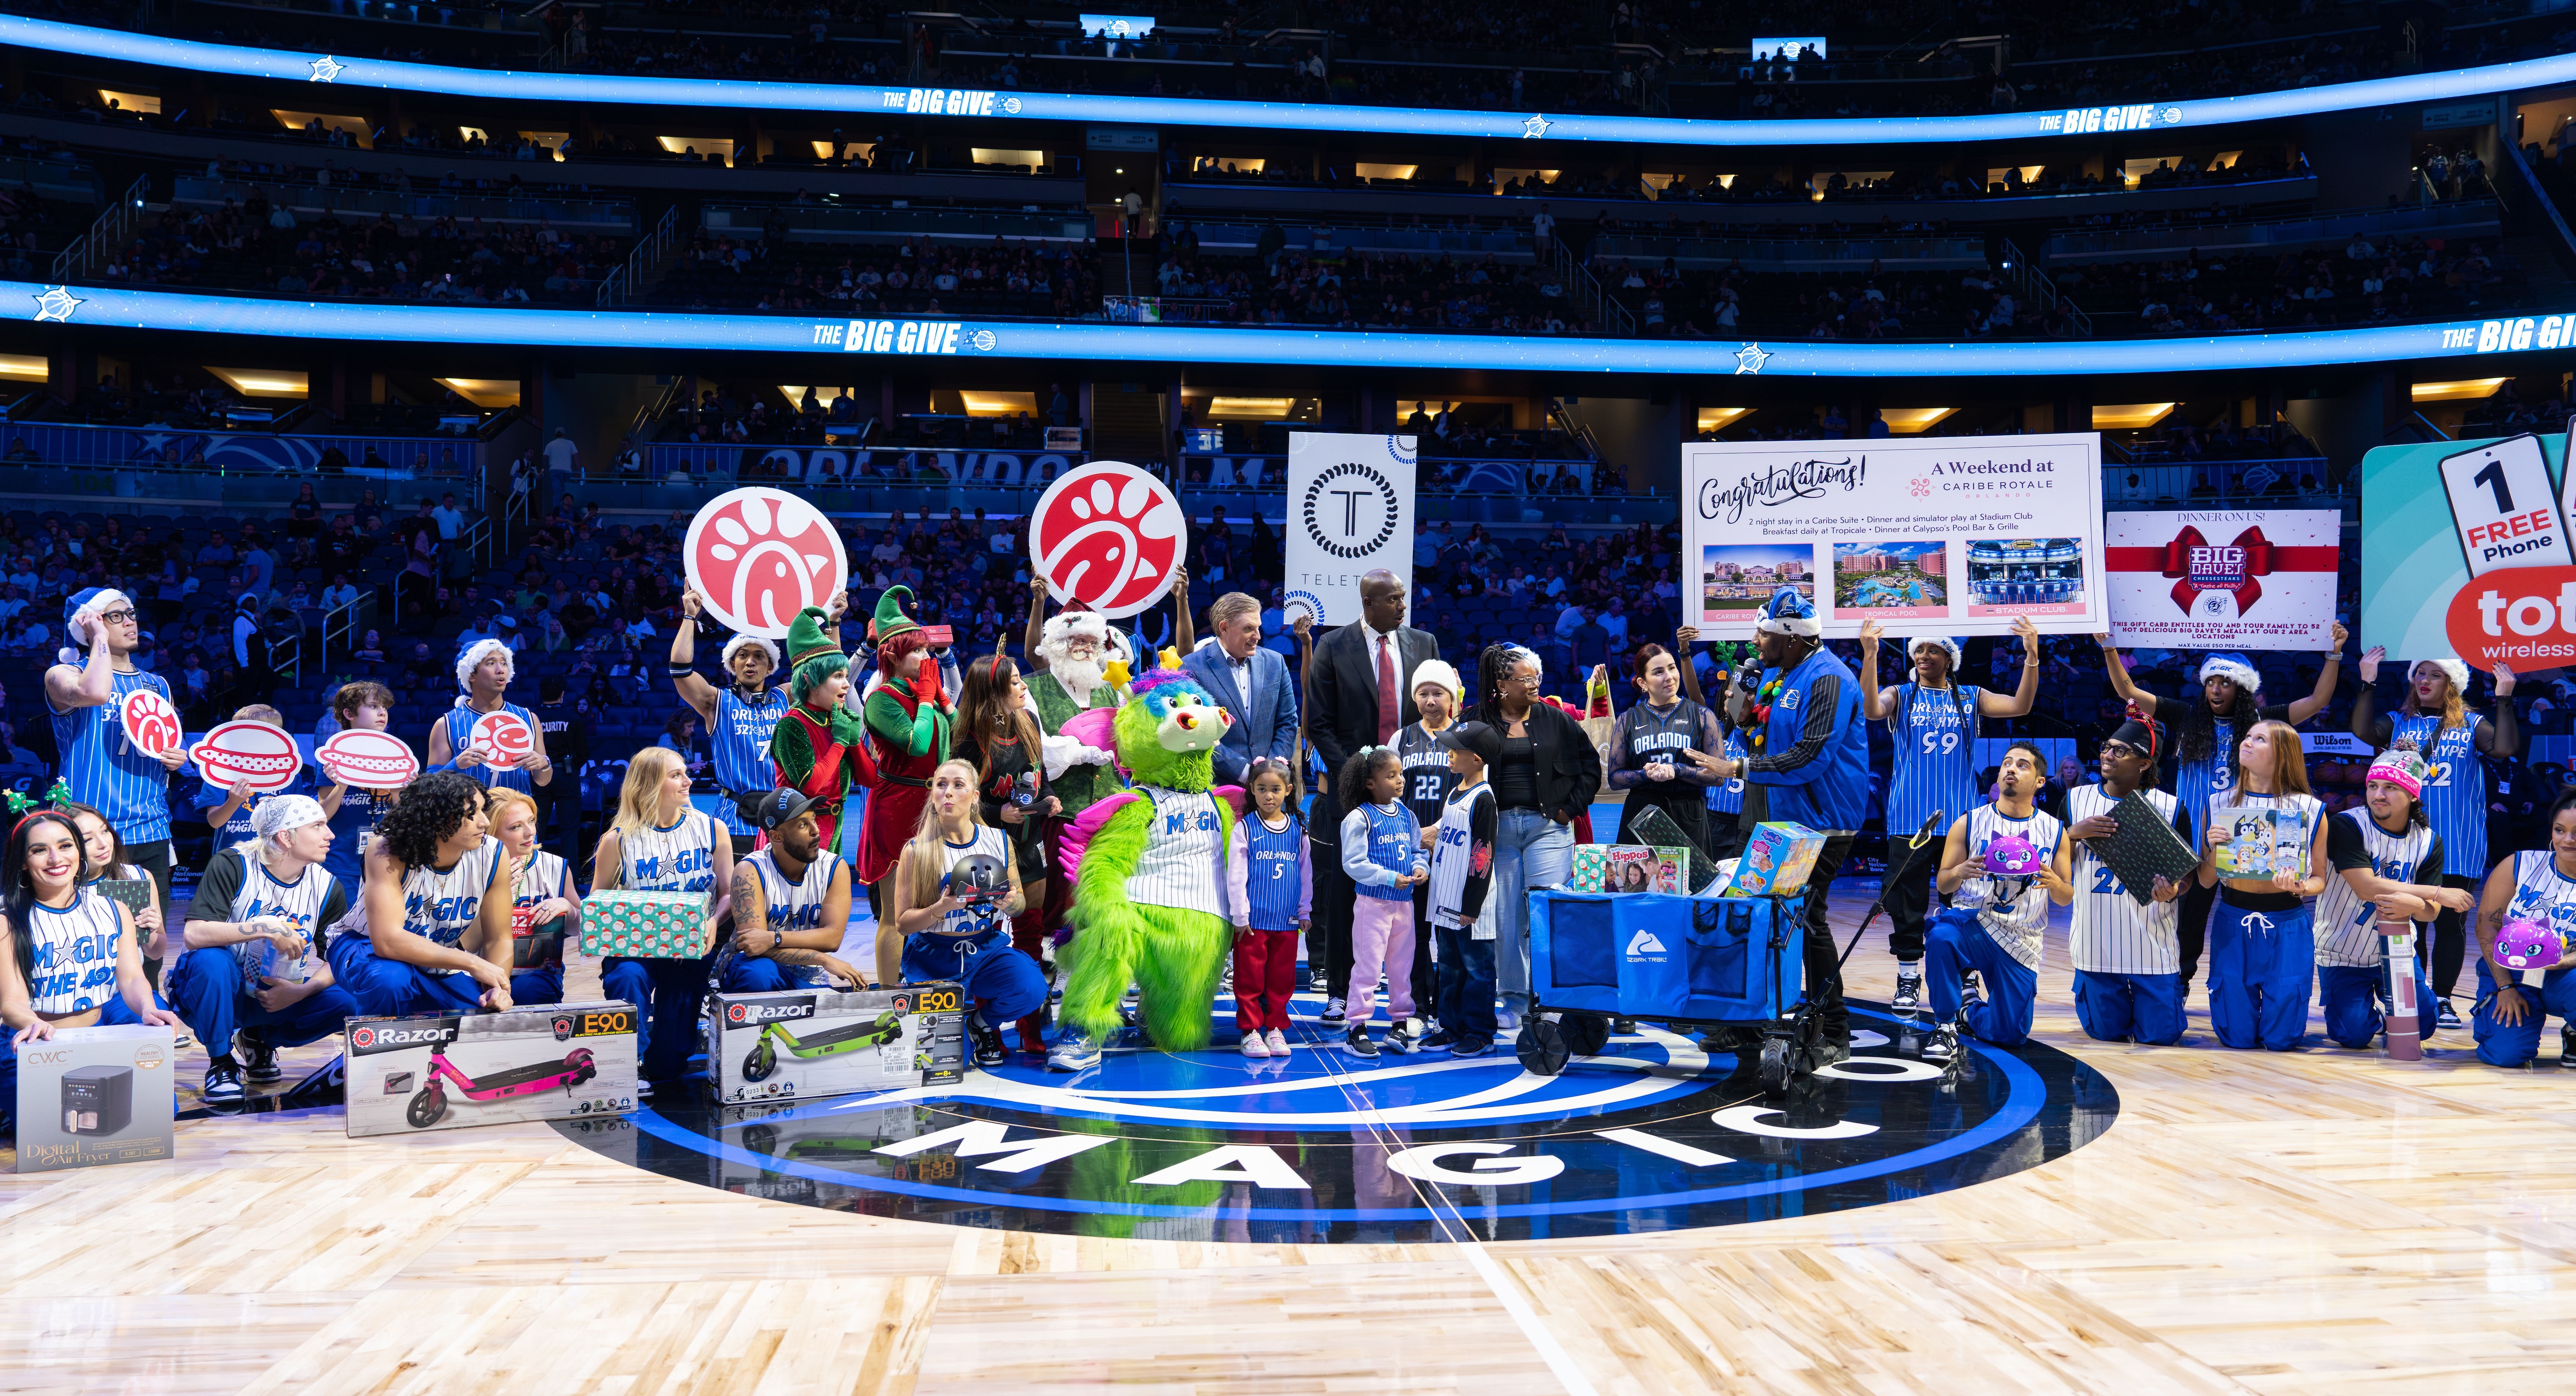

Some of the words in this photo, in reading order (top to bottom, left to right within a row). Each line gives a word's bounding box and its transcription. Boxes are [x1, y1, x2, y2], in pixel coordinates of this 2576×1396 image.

[884, 92, 905, 108] THE
[907, 89, 943, 114] BIG
[946, 90, 995, 116] GIVE
[2039, 115, 2062, 131] THE
[2063, 108, 2103, 133] BIG
[2104, 105, 2155, 132] GIVE
[814, 325, 842, 345] THE
[844, 321, 894, 351] BIG
[897, 322, 962, 355] GIVE
[2442, 328, 2476, 348] THE
[2477, 318, 2534, 352] BIG
[2538, 314, 2576, 348] GI
[1931, 463, 1944, 475] A
[1948, 459, 2031, 474] Weekend
[2037, 461, 2054, 472] at
[1699, 455, 1866, 524] Congratulations!
[2473, 460, 2515, 514] 1
[2178, 513, 2222, 522] DINNER
[2226, 513, 2243, 521] ON
[2467, 509, 2552, 548] FREE
[2192, 547, 2244, 564] BIG
[2483, 536, 2552, 562] Phone
[2191, 563, 2243, 575] DAVE'S
[1301, 574, 1361, 586] TELET
[2482, 641, 2574, 658] wireless
[541, 721, 569, 732] CURITY
[756, 740, 772, 762] 7
[1634, 732, 1691, 755] ORLANDO
[1922, 731, 1959, 755] 99
[2313, 735, 2351, 746] Wilson
[1402, 751, 1450, 770] ORLAND
[1415, 775, 1442, 800] 22
[2212, 767, 2232, 789] 3
[2388, 773, 2418, 789] BRIGHT
[1763, 830, 1774, 840] Peppa
[1773, 835, 1782, 844] Pig
[1397, 844, 1406, 861] 5
[1272, 863, 1284, 879] 5
[31, 972, 78, 998] THE
[920, 992, 956, 1011] E90
[585, 1013, 627, 1033] E90
[27, 1140, 79, 1165] Digital
[55, 1154, 73, 1165] Air
[78, 1151, 111, 1164] Fryer
[870, 1106, 1879, 1189] MAGIC

▶ **PROBLEM TO SOLVE**: Restate the listing word for word. Pictures do not belong in the copy.

▶ **YOUR RESPONSE**:
Some of the words in this photo, in reading order (top to bottom, left to right within a row). Each line gives a word's bounding box and its transcription. Boxes are [x1, y1, x2, y2], in pixel coordinates of this 2576×1396 image.

[884, 92, 905, 108] THE
[907, 89, 943, 114] BIG
[946, 90, 995, 116] GIVE
[2039, 115, 2062, 131] THE
[2063, 108, 2103, 133] BIG
[2104, 105, 2155, 132] GIVE
[814, 325, 842, 345] THE
[844, 321, 894, 351] BIG
[897, 322, 962, 355] GIVE
[2442, 328, 2476, 348] THE
[2477, 318, 2534, 352] BIG
[2538, 314, 2576, 348] GI
[1931, 463, 1944, 475] A
[1948, 459, 2031, 474] Weekend
[2037, 461, 2054, 472] at
[1699, 455, 1866, 524] Congratulations!
[2473, 460, 2515, 514] 1
[2178, 513, 2222, 522] DINNER
[2226, 513, 2243, 521] ON
[2467, 509, 2552, 548] FREE
[2192, 547, 2244, 564] BIG
[2483, 536, 2552, 562] Phone
[2191, 563, 2243, 575] DAVE'S
[1301, 574, 1361, 586] TELET
[2482, 641, 2574, 658] wireless
[541, 721, 569, 732] CURITY
[756, 740, 772, 762] 7
[1634, 732, 1691, 755] ORLANDO
[1922, 731, 1959, 755] 99
[2313, 735, 2351, 746] Wilson
[1402, 751, 1450, 770] ORLAND
[1415, 775, 1442, 800] 22
[2212, 767, 2232, 789] 3
[2388, 773, 2418, 789] BRIGHT
[1763, 830, 1774, 840] Peppa
[1773, 835, 1782, 844] Pig
[1397, 844, 1406, 861] 5
[1272, 863, 1284, 879] 5
[31, 972, 78, 998] THE
[920, 992, 956, 1011] E90
[585, 1013, 627, 1033] E90
[27, 1140, 79, 1165] Digital
[55, 1154, 73, 1165] Air
[78, 1151, 111, 1164] Fryer
[870, 1106, 1879, 1189] MAGIC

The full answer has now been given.